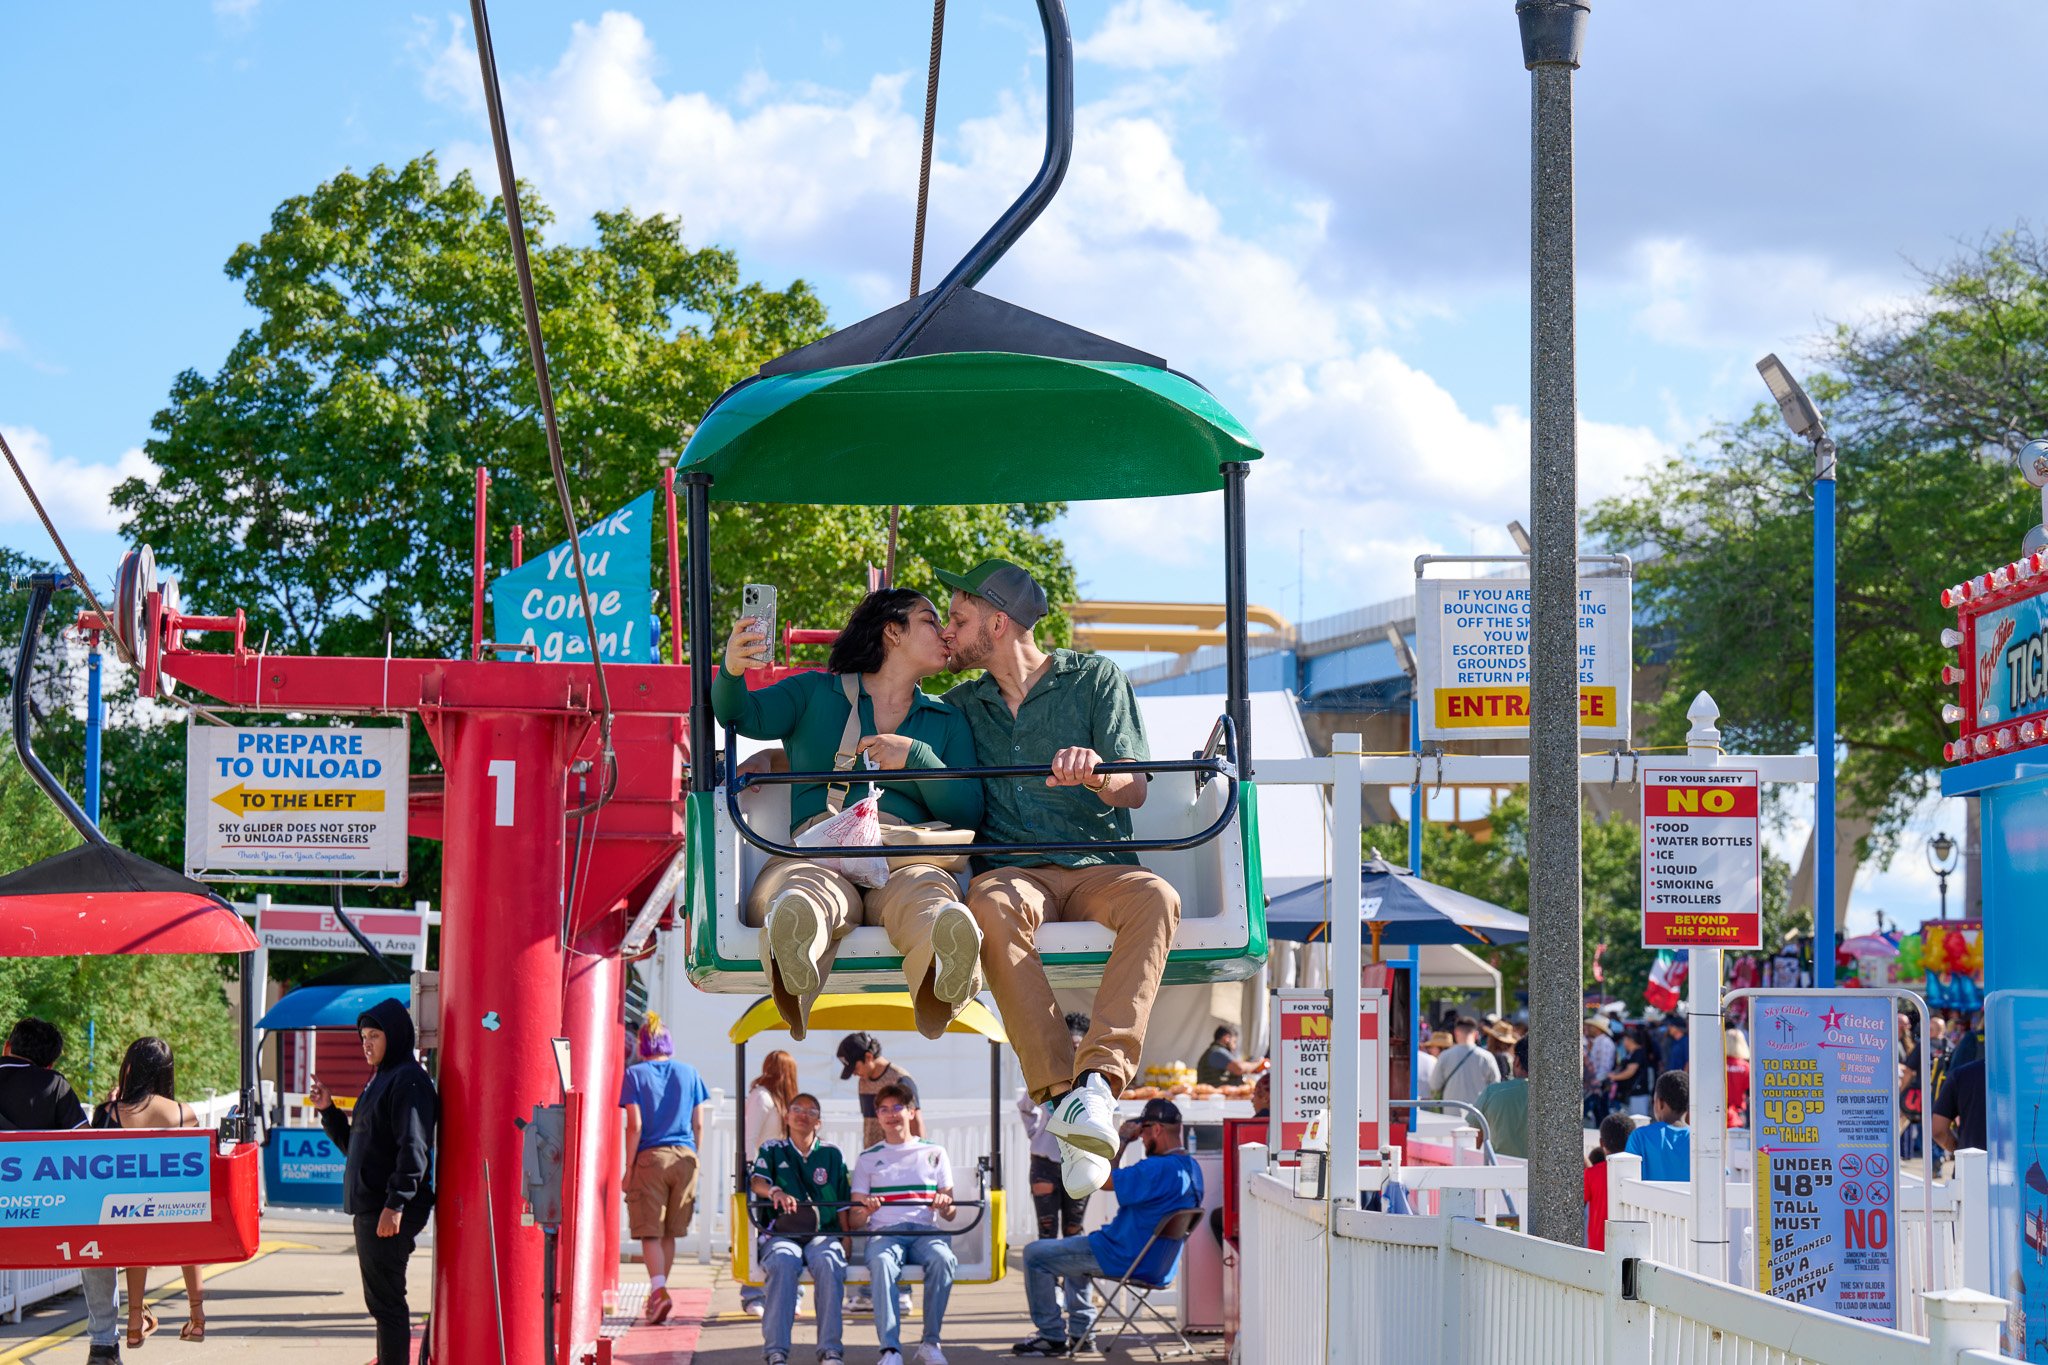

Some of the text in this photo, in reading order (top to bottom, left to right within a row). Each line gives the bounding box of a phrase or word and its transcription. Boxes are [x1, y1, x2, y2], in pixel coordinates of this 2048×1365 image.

[547, 545, 610, 580] You
[1458, 590, 1470, 600] IF
[1473, 590, 1501, 600] YOU
[522, 589, 621, 620] Come
[1444, 604, 1518, 614] BOUNCING
[1457, 617, 1483, 628] OFF
[1486, 617, 1513, 628] THE
[1484, 631, 1513, 641] YOU
[1453, 645, 1524, 655] ESCORTED
[1457, 659, 1527, 669] GROUNDS
[1458, 672, 1512, 683] RETURN
[238, 733, 363, 755] PREPARE
[216, 757, 382, 779] TO UNLOAD
[1658, 775, 1678, 783] FOR
[1680, 775, 1706, 783] YOUR
[487, 760, 516, 826] 1
[240, 793, 356, 808] TO THE LEFT
[1667, 789, 1735, 813] NO
[218, 823, 377, 833] SKY GLIDER DOES NOT STOP
[1656, 823, 1689, 832] FOOD
[226, 833, 369, 844] TO UNLOAD PASSENGERS
[1656, 836, 1753, 847] WATER BOTTLES
[238, 851, 356, 862] Thank You For Your Cooperation
[1656, 850, 1674, 860] ICE
[1656, 865, 1697, 875] LIQUID
[1656, 880, 1714, 889] SMOKING
[1656, 895, 1721, 904] STROLLERS
[1675, 915, 1729, 925] BEYOND
[1664, 926, 1739, 936] THIS POINT
[386, 939, 416, 950] Area
[1829, 1012, 1885, 1030] 1 ticket
[1828, 1030, 1888, 1050] One Way
[1837, 1052, 1881, 1064] NO MORE THAN
[1762, 1059, 1818, 1070] TO RIDE
[1847, 1064, 1875, 1074] PERSONS
[1300, 1067, 1317, 1076] ICE
[1764, 1072, 1824, 1087] ALONE
[1840, 1074, 1853, 1083] PER
[1300, 1082, 1327, 1090] LIQU
[1762, 1089, 1824, 1098] YOU MUST BE
[1836, 1095, 1889, 1104] FOR YOUR SAFETY
[1763, 1126, 1819, 1143] OR TALLER
[283, 1139, 331, 1157] LAS
[33, 1152, 204, 1181] ANGELES
[1773, 1158, 1833, 1171] UNDER
[282, 1171, 310, 1179] FROM
[0, 1195, 66, 1208] ONSTOP
[1773, 1201, 1818, 1213] TALL
[5, 1208, 40, 1219] MKE
[111, 1203, 155, 1218] MKE
[157, 1209, 205, 1217] AIRPORT
[1774, 1218, 1821, 1230] MUST
[1844, 1208, 1888, 1250] NO
[1774, 1233, 1794, 1253] BE
[56, 1240, 103, 1261] 14
[1767, 1234, 1832, 1268] ACCOMPANIED
[1774, 1256, 1809, 1282] BY A
[1765, 1262, 1834, 1297] RESPONSIBLE
[1840, 1281, 1885, 1289] THE SKY GLIDER
[1840, 1291, 1886, 1299] DOES NOT STOP
[1835, 1301, 1891, 1310] TO LOAD OR UNLOAD
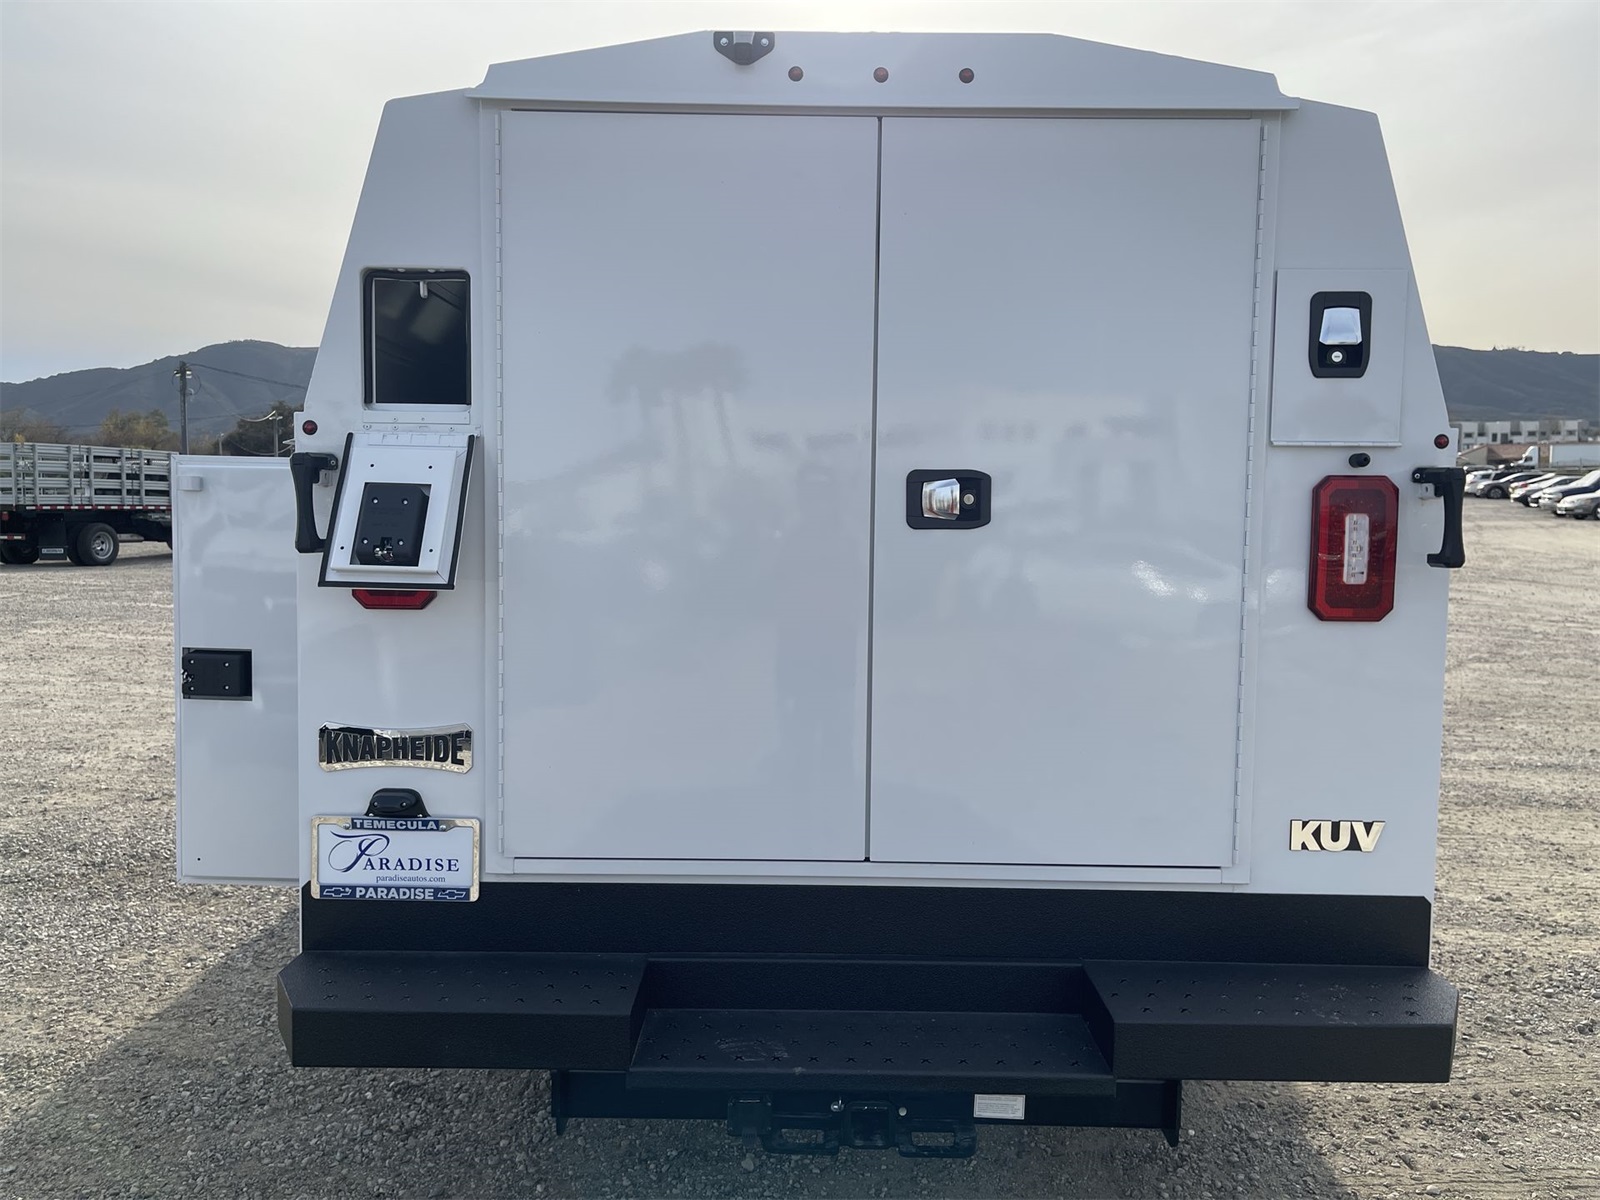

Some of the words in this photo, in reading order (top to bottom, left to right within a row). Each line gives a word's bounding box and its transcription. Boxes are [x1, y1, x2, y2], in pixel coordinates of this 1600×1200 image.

[326, 730, 465, 766] KNAPHEIDE
[353, 819, 437, 830] TEMECULA
[1289, 819, 1386, 852] KUV
[328, 831, 460, 873] PARADISE
[375, 874, 446, 883] paradiseautos.com
[355, 887, 434, 900] PARADISE

--------

Word for word, quote the full listing, omitting every picture.

Some of the text in this photo, in reading order (top to bottom, left to right within a row). Each line gives the bounding box of a phrase or word and its transcription. Boxes are [x1, y1, x2, y2], in pixel coordinates of this 2048×1365 image.

[547, 545, 610, 580] You
[1458, 590, 1470, 600] IF
[1473, 590, 1501, 600] YOU
[522, 589, 621, 620] Come
[1444, 604, 1518, 614] BOUNCING
[1457, 617, 1483, 628] OFF
[1486, 617, 1513, 628] THE
[1484, 631, 1513, 641] YOU
[1453, 645, 1524, 655] ESCORTED
[1457, 659, 1527, 669] GROUNDS
[1458, 672, 1512, 683] RETURN
[238, 733, 363, 755] PREPARE
[216, 757, 382, 779] TO UNLOAD
[1658, 775, 1678, 783] FOR
[1680, 775, 1706, 783] YOUR
[487, 760, 516, 826] 1
[240, 793, 356, 808] TO THE LEFT
[1667, 789, 1735, 813] NO
[218, 823, 377, 833] SKY GLIDER DOES NOT STOP
[1656, 823, 1689, 832] FOOD
[226, 833, 369, 844] TO UNLOAD PASSENGERS
[1656, 836, 1753, 847] WATER BOTTLES
[238, 851, 356, 862] Thank You For Your Cooperation
[1656, 850, 1674, 860] ICE
[1656, 865, 1697, 875] LIQUID
[1656, 880, 1714, 889] SMOKING
[1656, 895, 1721, 904] STROLLERS
[1675, 915, 1729, 925] BEYOND
[1664, 926, 1739, 936] THIS POINT
[386, 939, 416, 950] Area
[1829, 1012, 1885, 1030] 1 ticket
[1828, 1030, 1888, 1050] One Way
[1837, 1052, 1881, 1064] NO MORE THAN
[1762, 1059, 1818, 1070] TO RIDE
[1847, 1064, 1875, 1074] PERSONS
[1300, 1067, 1317, 1076] ICE
[1764, 1072, 1824, 1087] ALONE
[1840, 1074, 1853, 1083] PER
[1300, 1082, 1327, 1090] LIQU
[1762, 1089, 1824, 1098] YOU MUST BE
[1836, 1095, 1889, 1104] FOR YOUR SAFETY
[1763, 1126, 1819, 1143] OR TALLER
[283, 1139, 331, 1157] LAS
[33, 1152, 204, 1181] ANGELES
[1773, 1158, 1833, 1171] UNDER
[282, 1171, 310, 1179] FROM
[0, 1195, 66, 1208] ONSTOP
[1773, 1201, 1818, 1213] TALL
[5, 1208, 40, 1219] MKE
[111, 1203, 155, 1218] MKE
[157, 1209, 205, 1217] AIRPORT
[1774, 1218, 1821, 1230] MUST
[1844, 1208, 1888, 1250] NO
[1774, 1233, 1794, 1253] BE
[56, 1240, 103, 1261] 14
[1767, 1234, 1832, 1268] ACCOMPANIED
[1774, 1256, 1809, 1282] BY A
[1765, 1262, 1834, 1297] RESPONSIBLE
[1840, 1281, 1885, 1289] THE SKY GLIDER
[1840, 1291, 1886, 1299] DOES NOT STOP
[1835, 1301, 1891, 1310] TO LOAD OR UNLOAD

Some of the words in this photo, in reading order (top to bottom, left to right within a row). Each line gives a word's bounding box and its transcription. Boxes are [x1, y1, x2, y2], in pixel coordinates of this 1600×1200 image.

[326, 730, 465, 766] KNAPHEIDE
[353, 819, 437, 830] TEMECULA
[1289, 819, 1386, 852] KUV
[328, 831, 460, 873] PARADISE
[375, 874, 446, 883] paradiseautos.com
[355, 887, 434, 900] PARADISE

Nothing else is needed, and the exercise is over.